My hunting nemesis over the last decade has been the big woods, primarily the miles upon miles of unbroken timber in northern Wisconsin. It’s a region with a low deer density due to a myriad factors. Predators ranging from wolves to bears to coyotes roam the landscape, and one bad winter can set the whole whitetail herd back to a shell of its pre-winter numbers.
There aren’t any definitive destination food sources to work with, and as far as I can tell, the deer seem to have large home ranges. This situation isn’t unique to the northern third of the Badger State, of course. Hunters who hail from the upper fringes of the country, the Northeast, or the Deep South all deal with the challenge of big woods whitetails.
In all cases, winter scouting can be the key to figuring out what seems like an awful lot of whitetail randomness. Few bowhunters know this better than MeatEater contributor Beau Martonik.
Whatever Food is Available Martonik, who excels at hunting mountain whitetails in his home state of Pennsylvania, looks first to food as he starts to rack up the wintertime scouting miles. “The big thing for me is newer clear cuts,” Martonik said. “Not only do I run cameras on them to see what bucks made it through, but I try to figure out exactly how the deer use the fresher cuts.”
He does this by putting a lot of miles on his winter boots and focusing his efforts on clear cuts that also feature some adjacent, geothermal cover.
“I love areas where the deer have a good winter bedding area close to a new clear cut. This is where I’ll find current deer activity, but also where I tend to find bucks once the season opens.”
Pay attention to Martonik’s last statement—it’s an important one. He knows that even though the conditions couldn’t be more different from October, the locations bucks feed in now will be locations they’ll feed in when his home-state season opens.
Martonik also doesn’t shy away from hiking through wetlands, swamps, and thick bottoms to figure out whitetails. In doing that, there is one thing he’s always interested in finding—big tracks. “If I find a big buck track in the snow, I’ll follow it,” Martonik said. “I want to see how he’s using the land, and there is no way to do that any other time of year as easily as you can with fresh snow.”
A Layered Approach Martonik admits that he looks at all his whitetail scouting, but particularly his winter scouting, as a long-game strategy. I do, too. This is a hard message to get across because we often paint a very linear picture of deer scouting, where strategy leads directly to a dead buck. This is the nature of sharing “how-to” information, but in the case of winter scouting for big woods bucks, it would be a disservice.
The truth is, the conditions that favored buck activity in a specific spot last year might be totally different this year. But in three seasons from now they might perfectly mirror one another. All it takes is a change in the mast, a new pack of wolves, or three acres of browse maturing to change it all up.

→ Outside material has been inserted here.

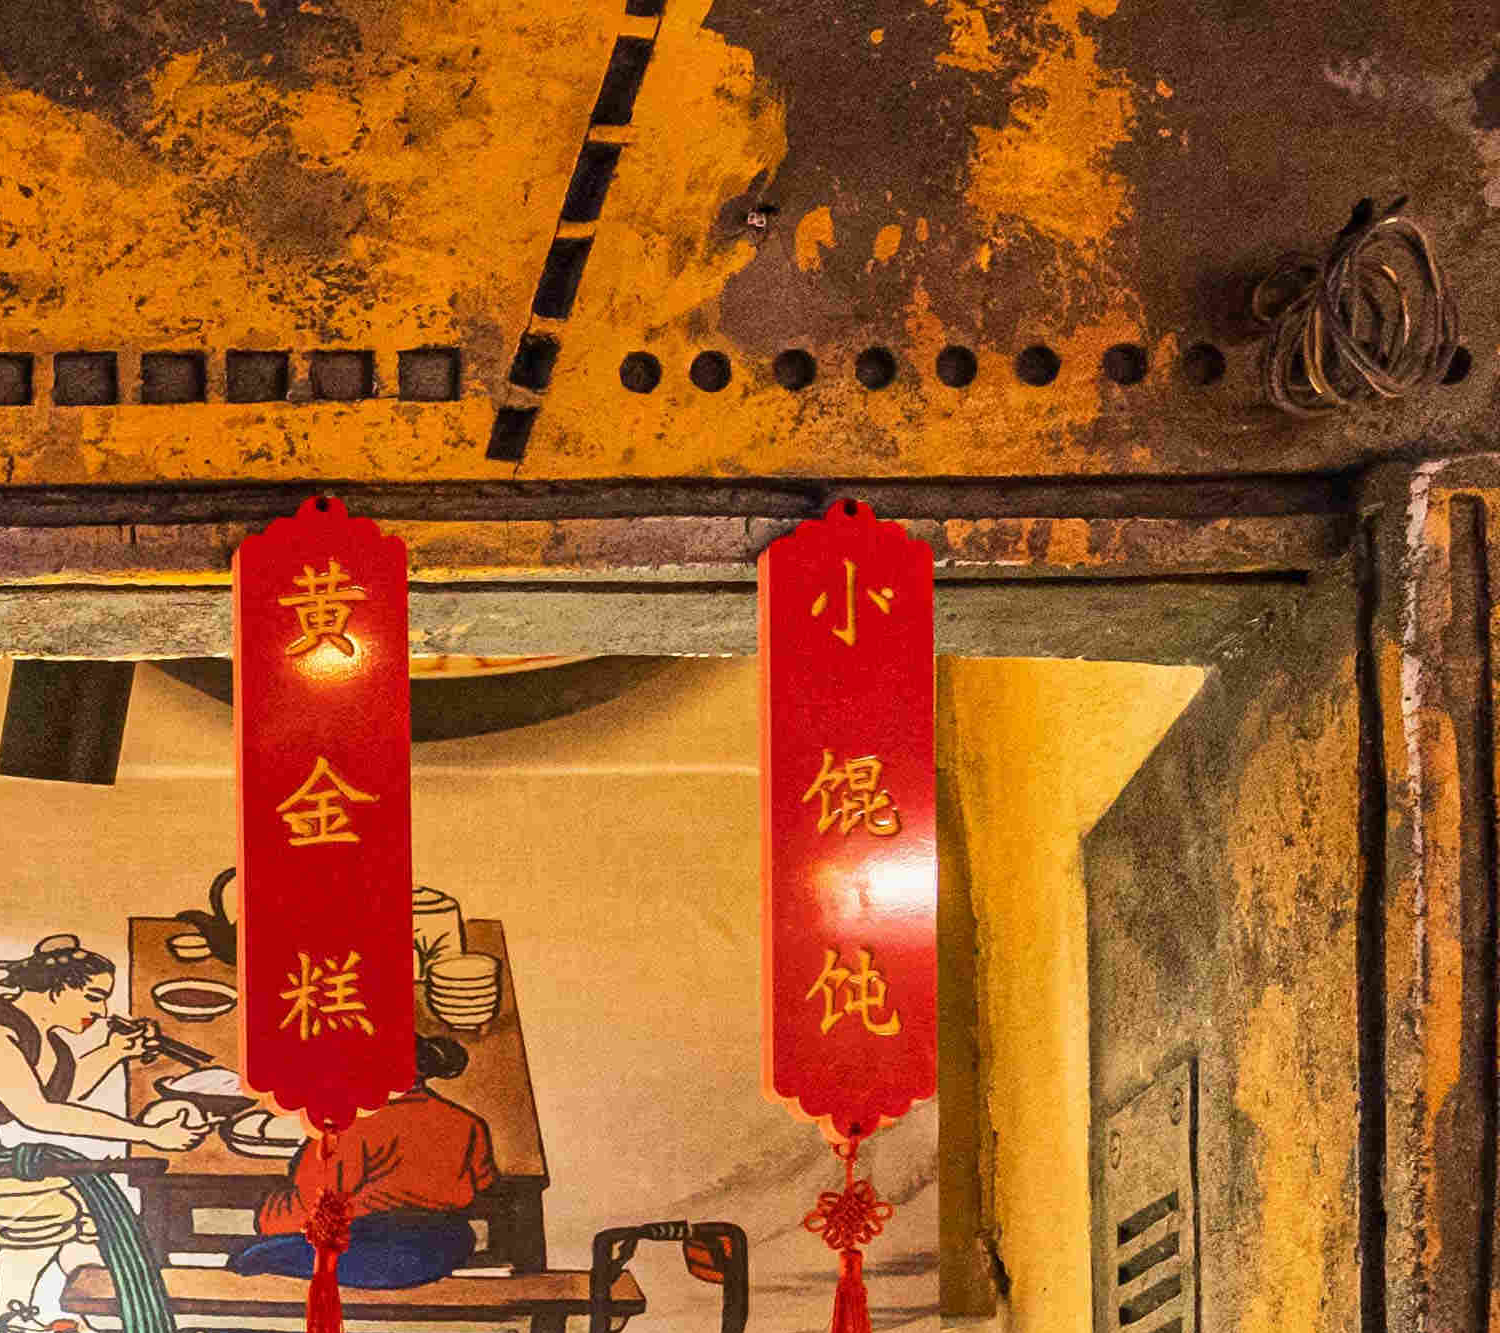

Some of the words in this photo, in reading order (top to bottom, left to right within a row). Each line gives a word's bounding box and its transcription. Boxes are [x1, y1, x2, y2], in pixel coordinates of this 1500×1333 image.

[275, 559, 381, 1042] 黄金糕
[801, 558, 902, 1039] 小馄饨
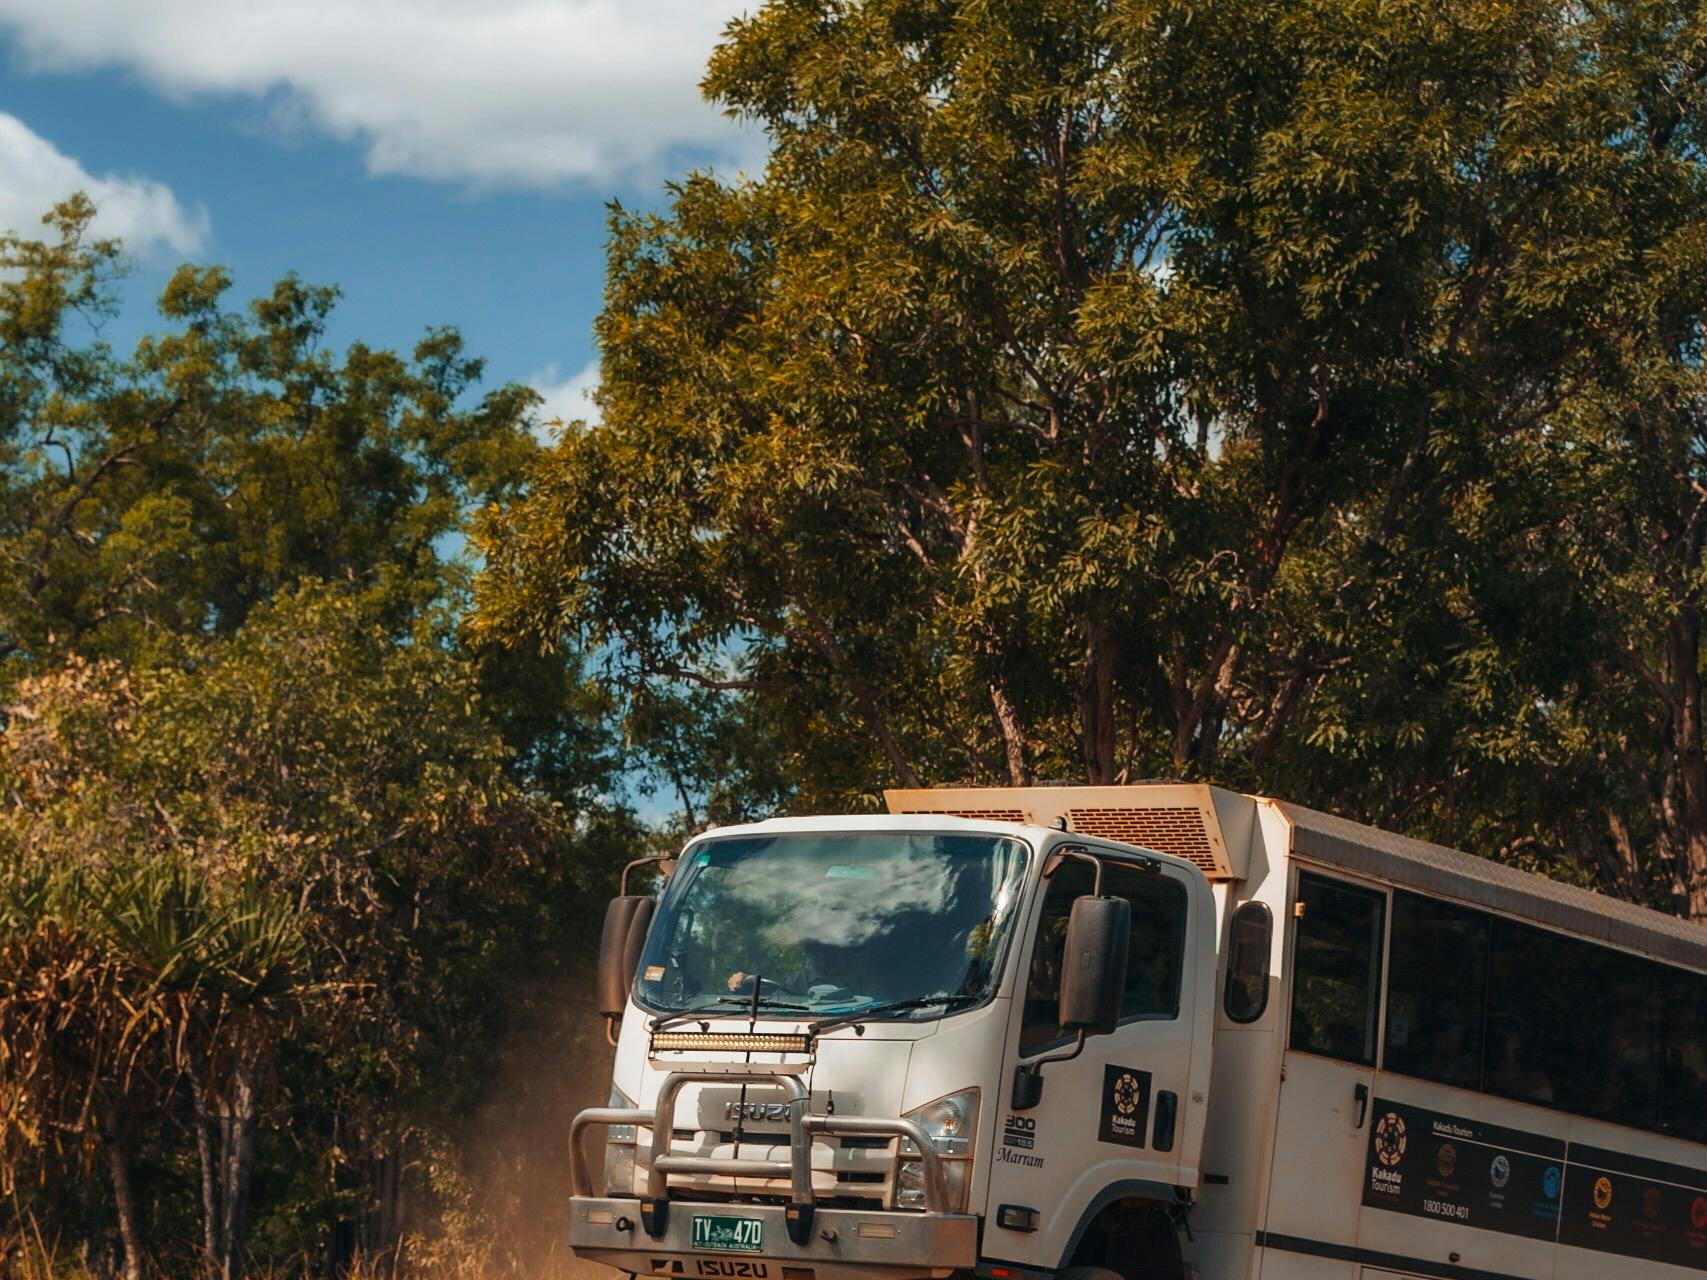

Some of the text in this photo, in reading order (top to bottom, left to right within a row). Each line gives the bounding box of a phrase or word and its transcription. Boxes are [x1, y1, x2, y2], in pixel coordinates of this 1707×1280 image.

Building on years of scouting allows you to take a broader view of your hunting area and develop backup plans. When it comes to busting through the snow in huge areas of timber or walking miles and miles through the winter swamps of the southern end of the whitetail’s range, it’s all about tempered expectations.
Make note of the rubs and visible scrapes and pay attention to what last season’s bucks give you. But pay closer attention to the trails that couldn’t have possibly been made in one season. Those will provide more consistency from year to year than rubs or scrapes probably ever will.
It’s also worthwhile to pay attention to the evidence of other hunters. The access is usually predictable in big woods. If there's a two-track winding through your ground or another way for people to get in easily, the hunting pressure will originate from there. Are there spots you can walk that just aren’t easy to get to? Look at them now.
This comes into play where I live with wetlands, swamps, and beaver ponds. Dealing with water when it’s not frozen is tough. In the dead of winter, it’s nothing to go look at that isolated island in a cranberry bog or the ridge of high ground that bisects a huge marsh. If hiking on safe ice is an option, you’ve suddenly got a way to see everything that the whitetails might use all fall, without ever having to don waders or buy a kayak.
Either way, remember that the work you do now might not pay off for a few seasons, but that it will pay off. Time in the woods and miles on your boots are what kill deer in the big woods. It’s simple stuff, even if it’s far from easy.